Bacterial DNA was extracted from the ileal, caecal and colonic digesta using the Stool DNA Kit (Omega Bio-Tek, Doraville, CA, USA) according to the manufacturer's protocol. Primers and fluorescent oligonucleotide probes (Table 2) were designed with Primer Premier 5.0 (Premier Biosoft International, Palo Alto, CA, USA) and followed 16S rRNA sequences of maximum species of each genus homology downloaded from GenBank database, European Molecular Biology Laboratory and DNA Data Bank of Japan to obtain specific amplification, and the sequences of all the genera taken from the database were submitted to DNAStar (MegAlign) program (DNASTAR, Inc., Madison, WI, USA), as described by Wan et al.²⁴ Next, these sequences were submitted to alignment, in which the maximum number of species belonging to one genus was gathered and the regions showing conservations were picked up as genus-specific primers and probes. All the primers and fluorescent oligonucleotide probes used in this experiment were commercially synthesised by Invitrogen (Shanghai, China).

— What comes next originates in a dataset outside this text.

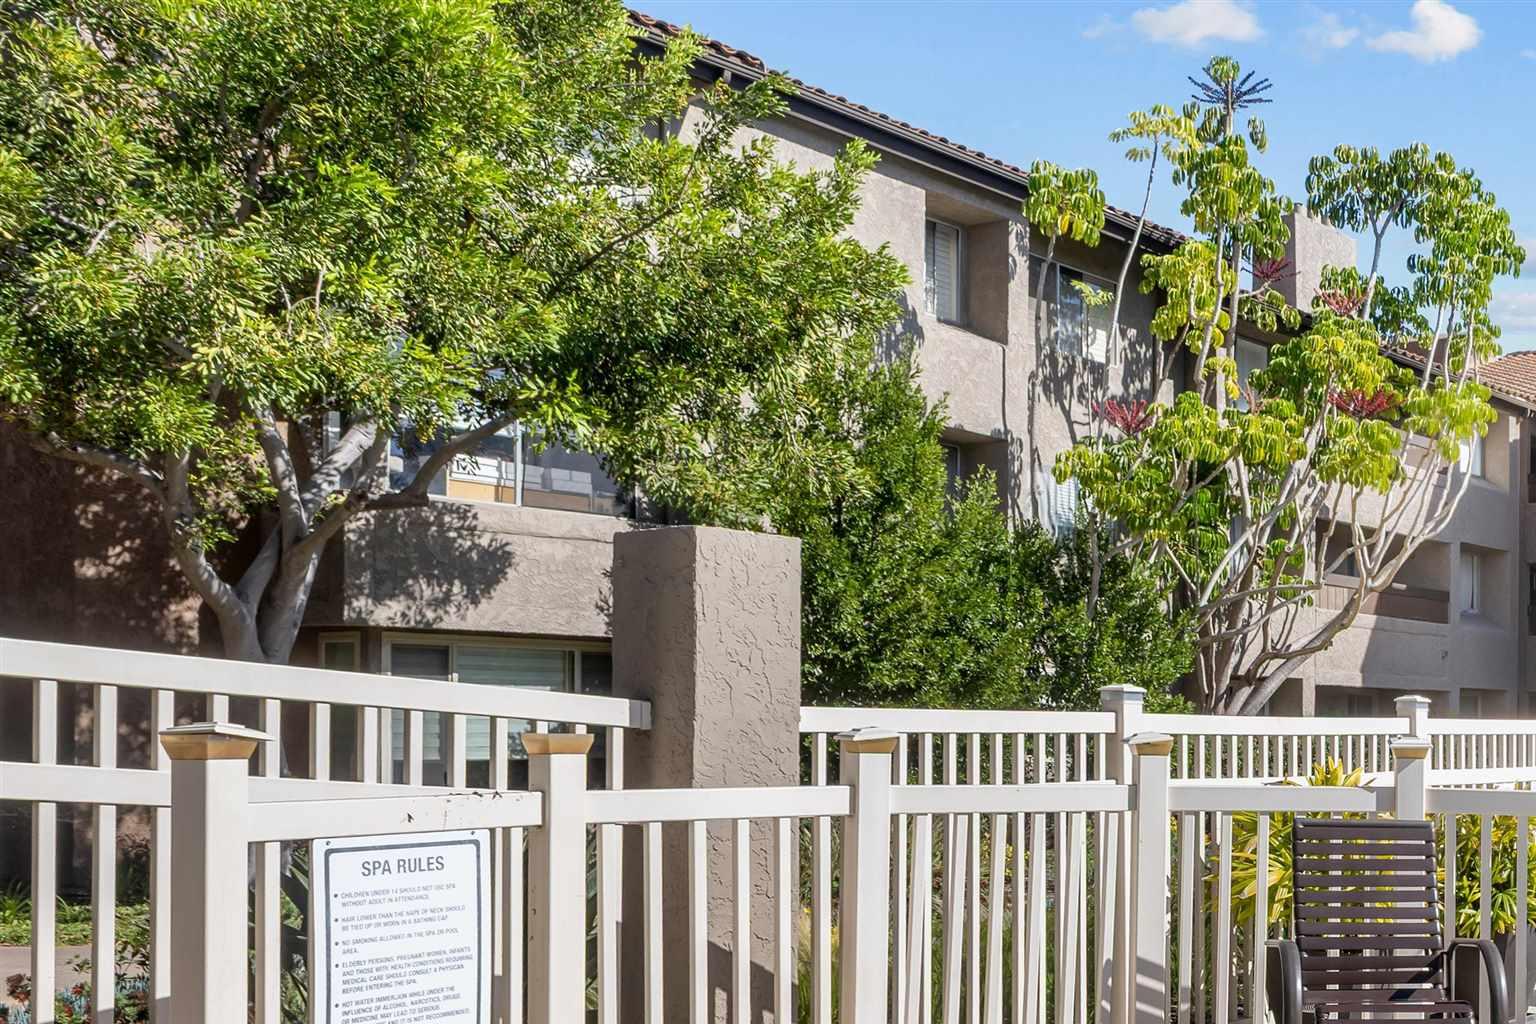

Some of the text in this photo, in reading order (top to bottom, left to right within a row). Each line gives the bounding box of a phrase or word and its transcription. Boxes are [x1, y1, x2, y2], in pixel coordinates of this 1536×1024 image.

Quantitative real-time PCR was performed in a CFX96 Real-Time PCR Detection System (Bio-Rad, CA, USA) with optical-grade 96-well plates. For the quantification of total bacteria, the reaction mixture (25 μL) contained 1 μL forward and 1 μL reverse primers (100 nM), 12.5 μL SYBR® Premix Ex Taq™ II (Tli RNaseH Plus, 2×), 1 μL template DNA and 9.5 μL nuclease-free water. The thermal cycling conditions were an initial predenaturation step at 95 °C for 10 seconds, 40 cycles of denaturation at 95 °C for 5 seconds, annealing at 60.0 °C for 25 seconds and extension at 72 °C for 60 seconds. For the quantification of Bifidobacterium, Lactobacillus, Escherichia coli and Bacillus, the RealMasterMix (Probe) Kit (Catalogue no. FP203-02; Tiangen Biotech, Beijing, China) was purchased. Quantitative real-time PCR was conducted in a reaction volume of 20 μL with a 1 μL probe enhancer solution (20×), 0.3 μL probe (100 nM), 1 μL forward and 1 μL reverse primers (100 nM), 8 μL RealMasterMix (2.5×), 1 μL template DNA and 7.7 μL nuclease-free water. The PCR conditions involved 10 seconds at 95 °C and 50 cycles for 5 seconds at 95 °C, 25 seconds at annealing temperature (Table 2) and 60 seconds at 72 °C. The cycle threshold (C_t) values and baseline settings were determined by automatic analysis settings, and the copy numbers of the target group for each reaction were calculated from the standard curves.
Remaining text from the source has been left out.